# TASK
Without the pictures, give every record again exactly.

RECORD EXCERPTS section start

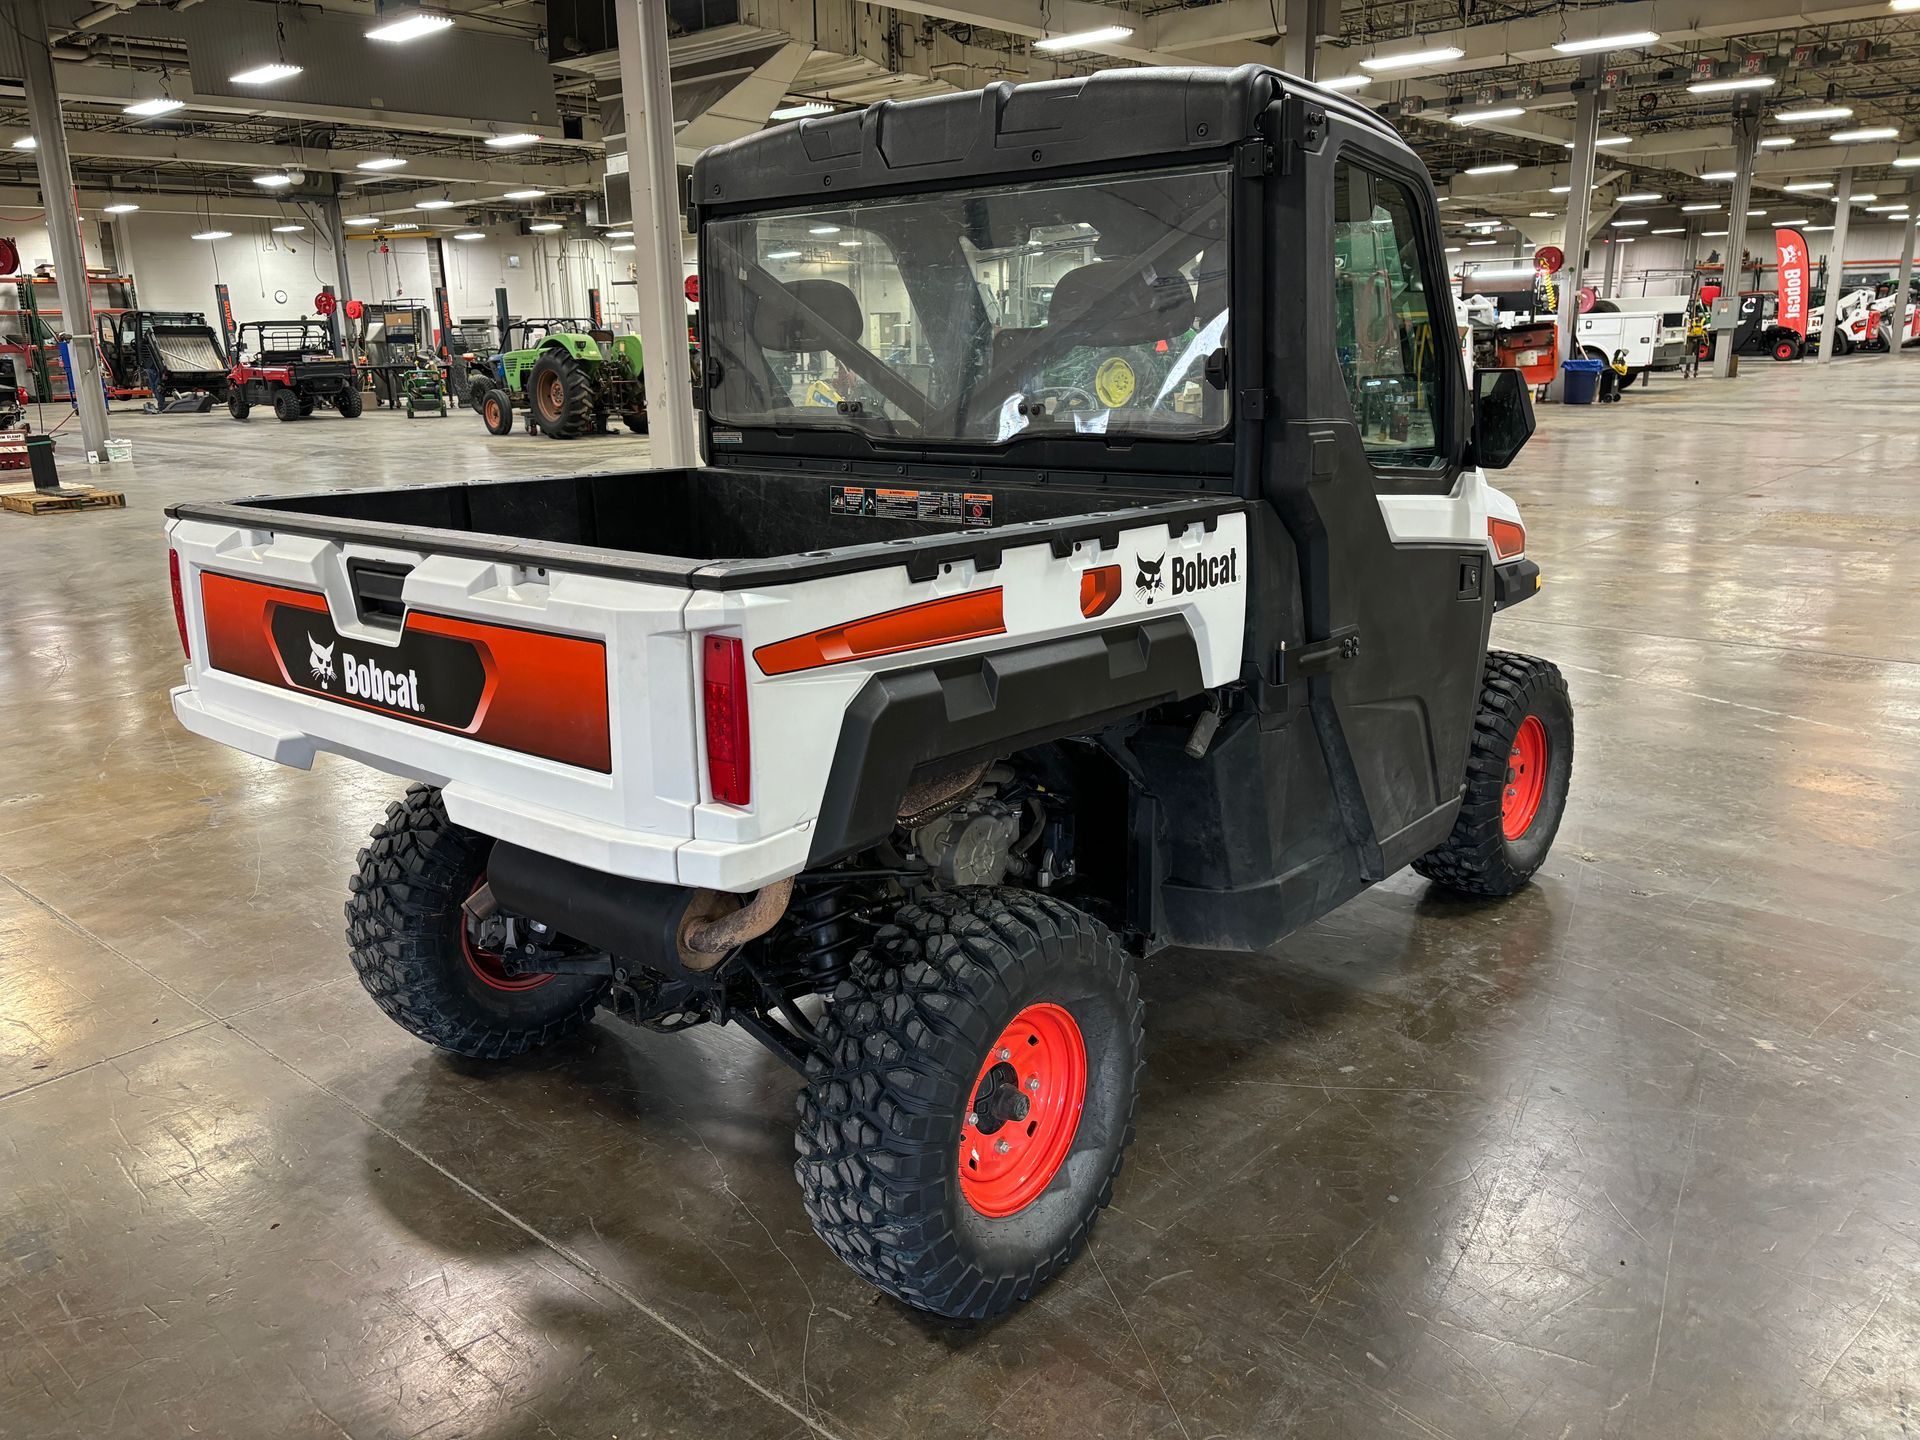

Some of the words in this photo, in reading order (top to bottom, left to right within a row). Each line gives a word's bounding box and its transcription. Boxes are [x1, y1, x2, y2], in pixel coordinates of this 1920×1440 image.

[223, 300, 235, 332] STRATUS
[1784, 268, 1801, 318] Bobcat
[1172, 547, 1237, 596] Bobcat
[342, 653, 421, 712] Bobcat
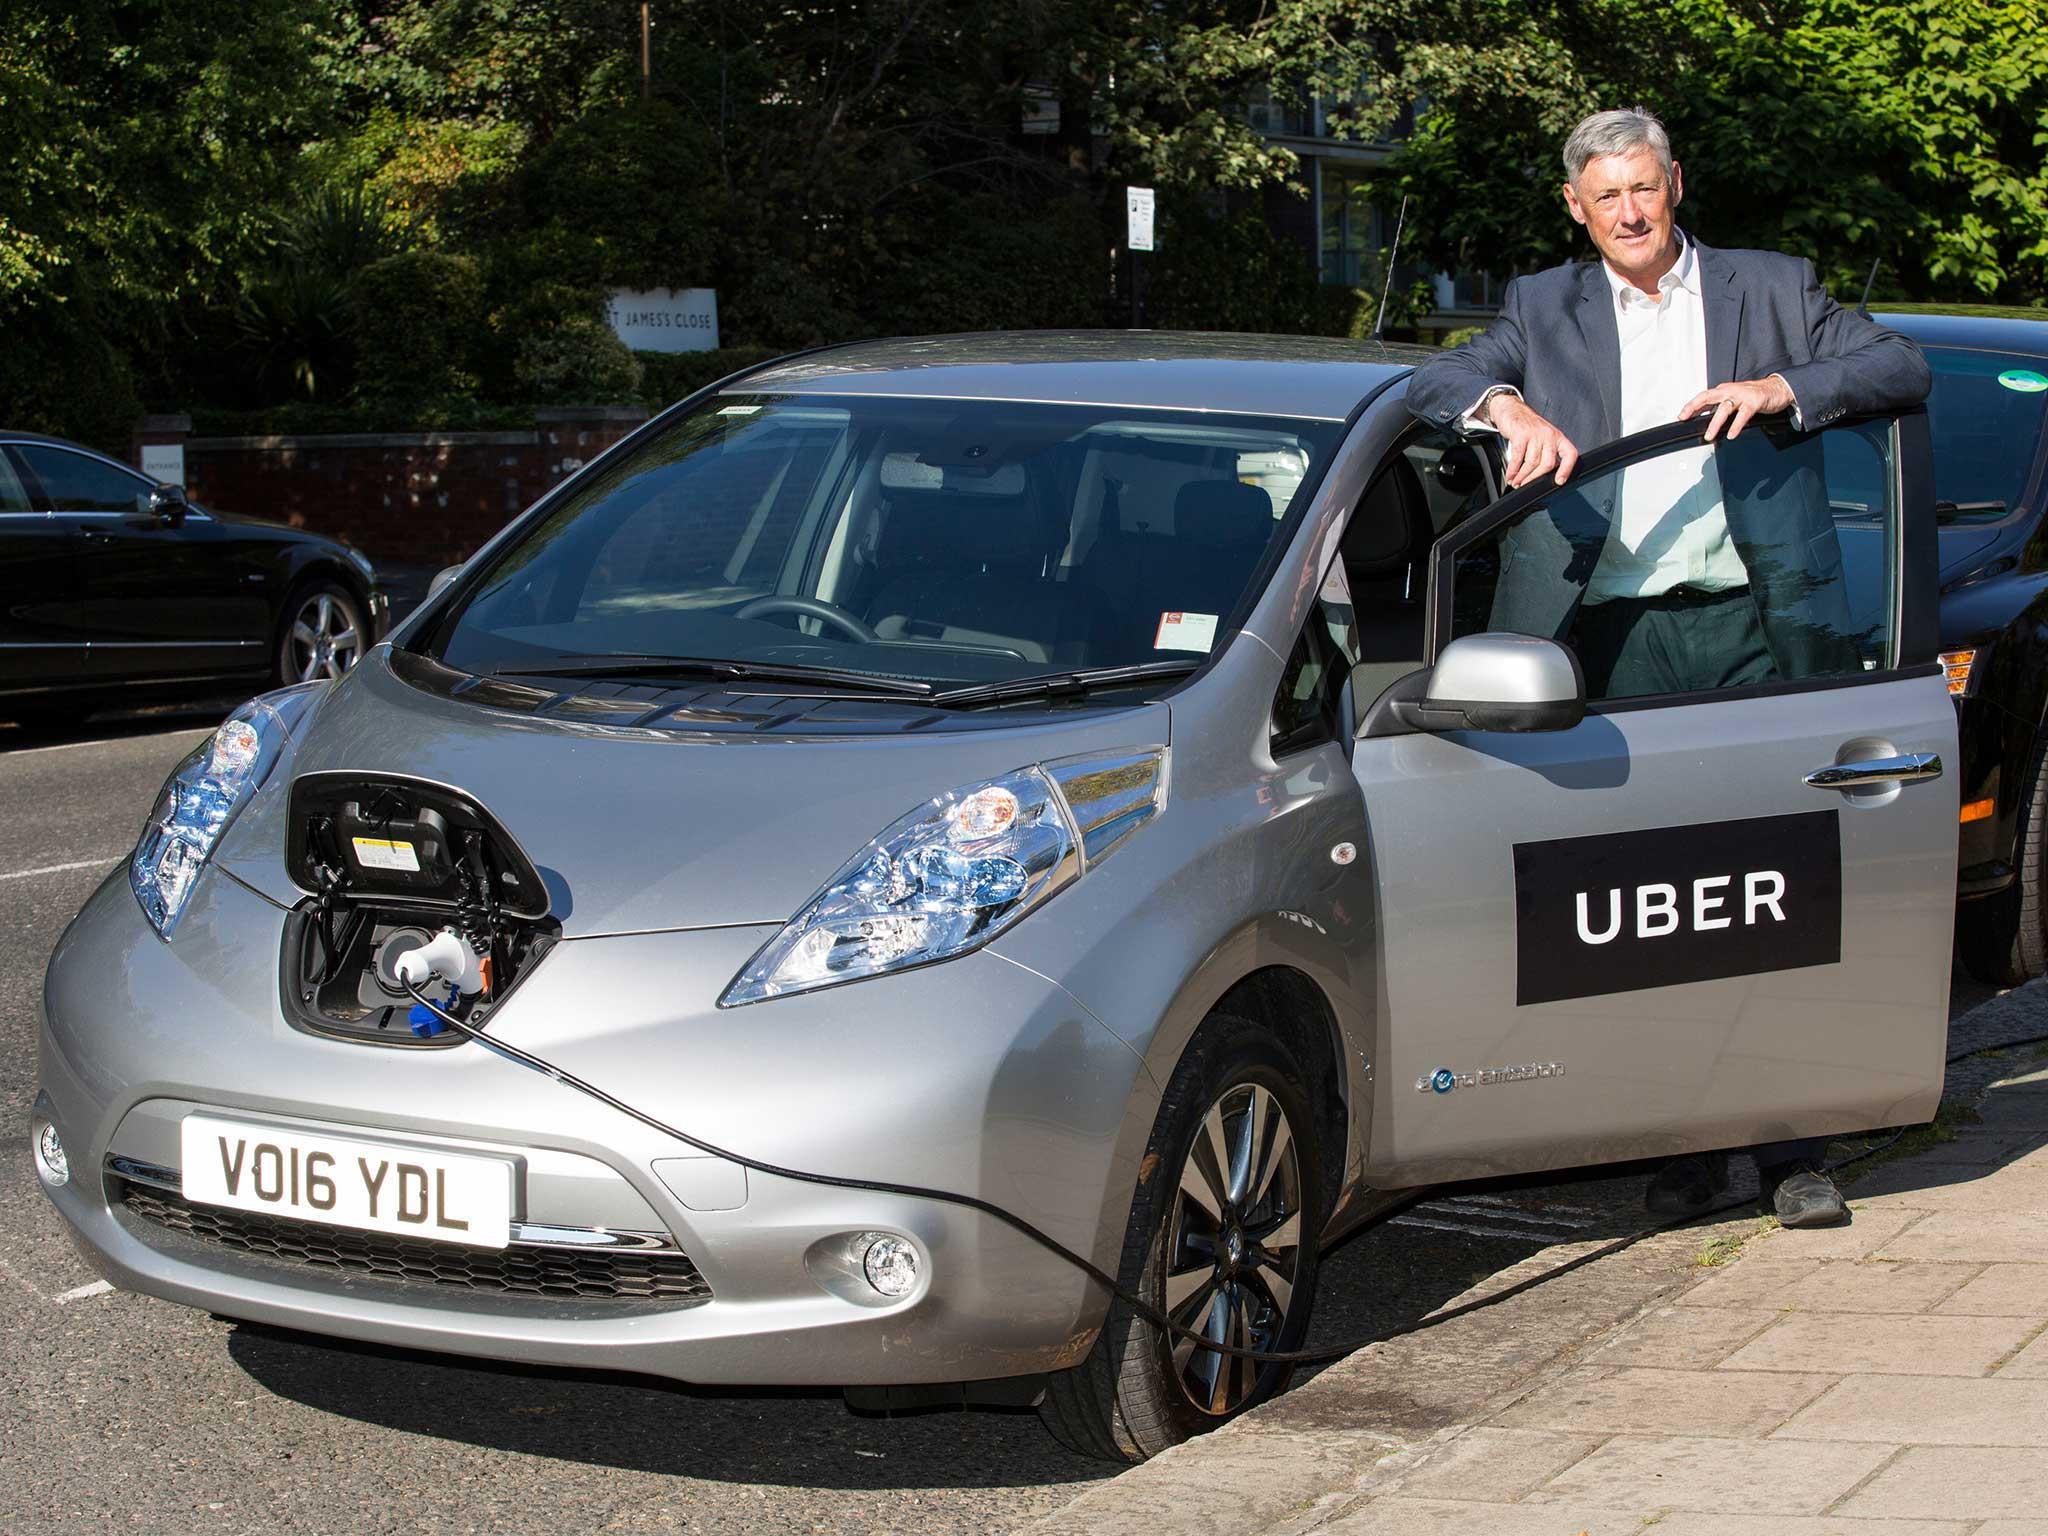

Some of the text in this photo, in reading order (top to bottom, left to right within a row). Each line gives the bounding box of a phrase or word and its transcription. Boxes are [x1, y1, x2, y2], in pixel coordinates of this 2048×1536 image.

[626, 311, 671, 327] JAMES'S
[674, 312, 711, 329] CLOSE
[1575, 870, 1787, 945] UBER
[218, 1136, 470, 1231] VO16 YDL
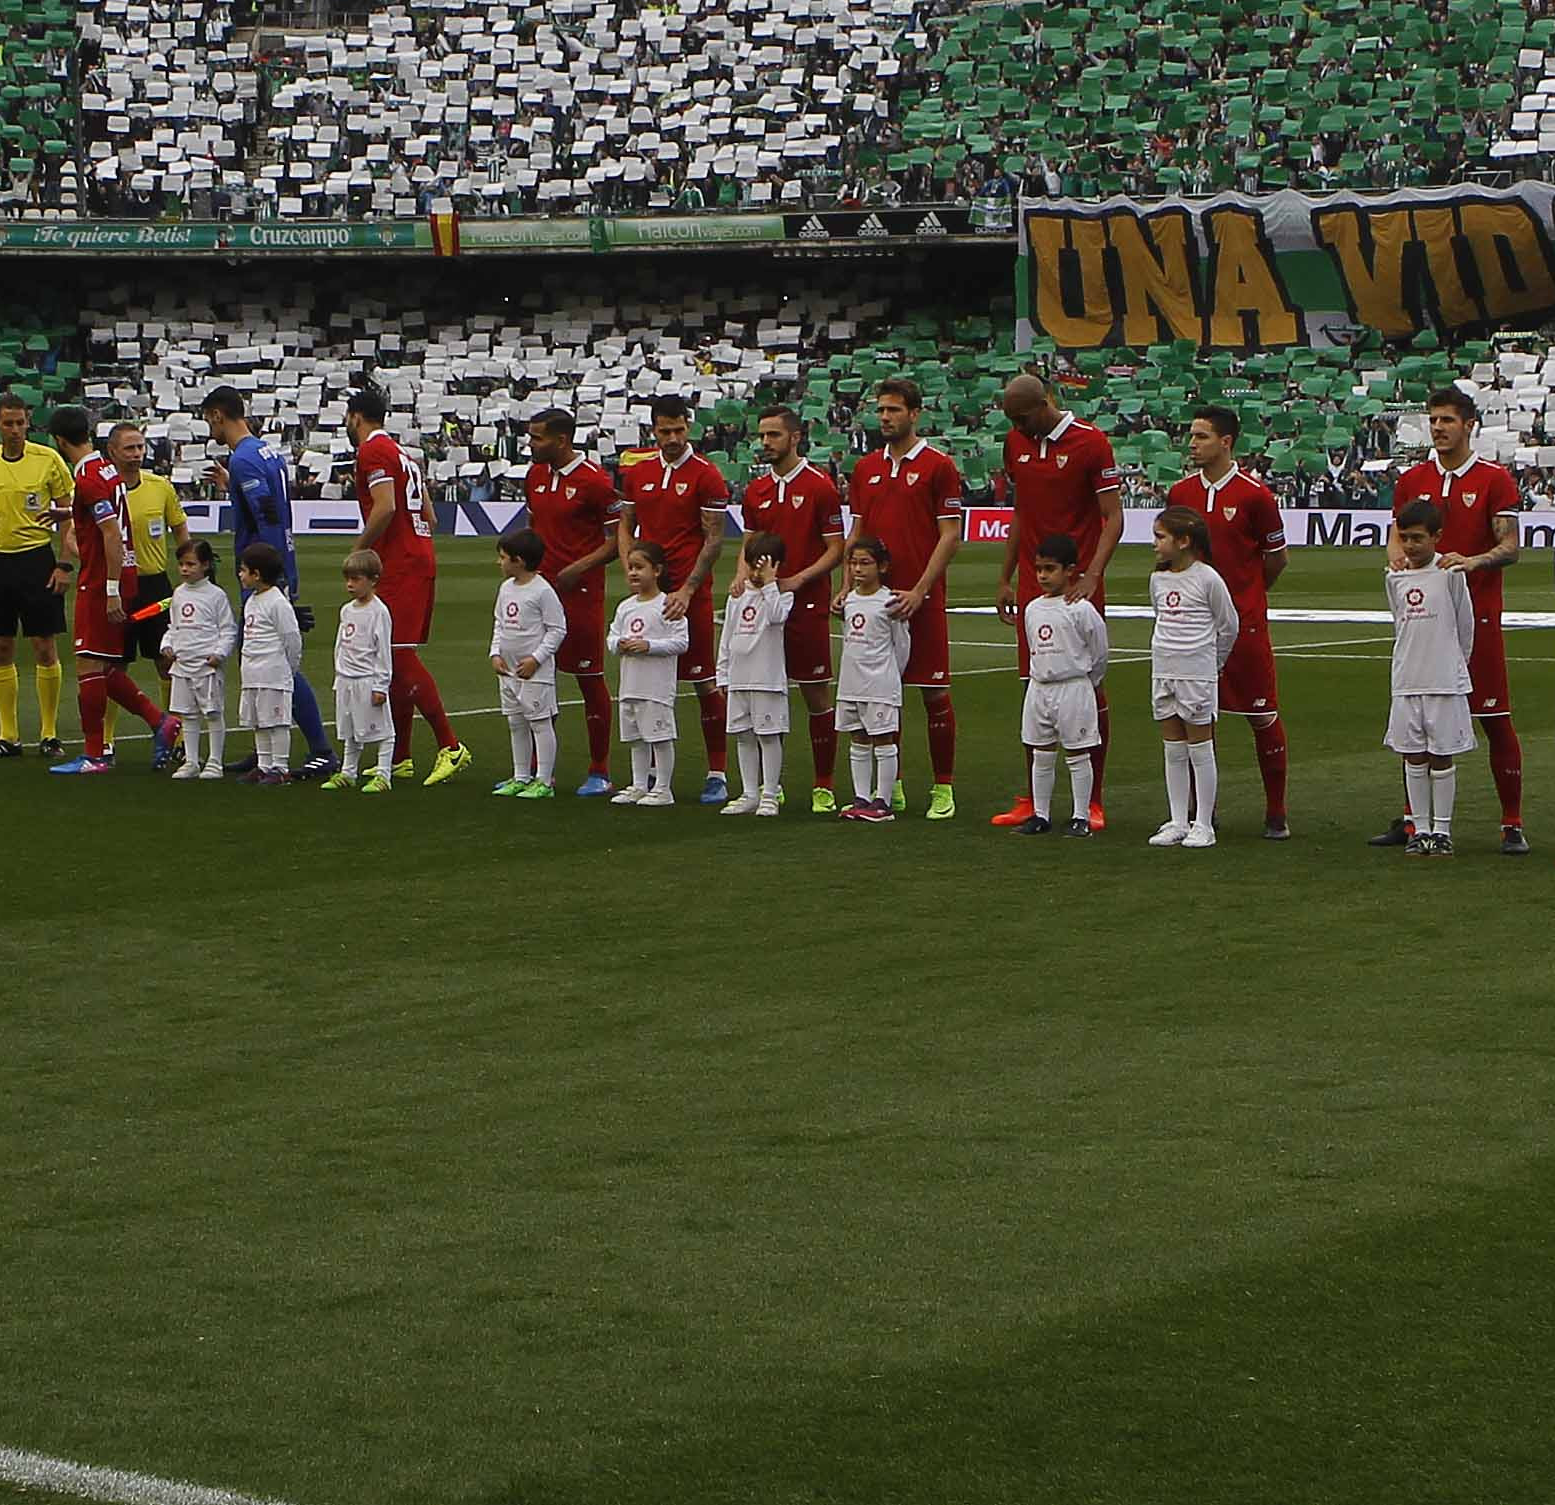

RECORD EXCERPTS section end

# RESPONSE BOX
Some of the words in this photo, in reading order (top to bottom, left to right within a row). Each line gives a word's bounding box and its transcription. Boxes are [x1, y1, x2, y2], in pixel coordinates of this 1920×1440 image.

[223, 300, 235, 332] STRATUS
[1784, 268, 1801, 318] Bobcat
[1172, 547, 1237, 596] Bobcat
[342, 653, 421, 712] Bobcat

Some of the text in this photo, in reading order (top to bottom, left to right within a row). Each line gives the bounding box of a phrase or word and its transcription. Boxes are [x1, y1, x2, y2], in pixel coordinates of this 2048×1536 image.

[626, 311, 671, 327] JAMES'S
[674, 312, 711, 329] CLOSE
[1575, 870, 1787, 945] UBER
[218, 1136, 470, 1231] VO16 YDL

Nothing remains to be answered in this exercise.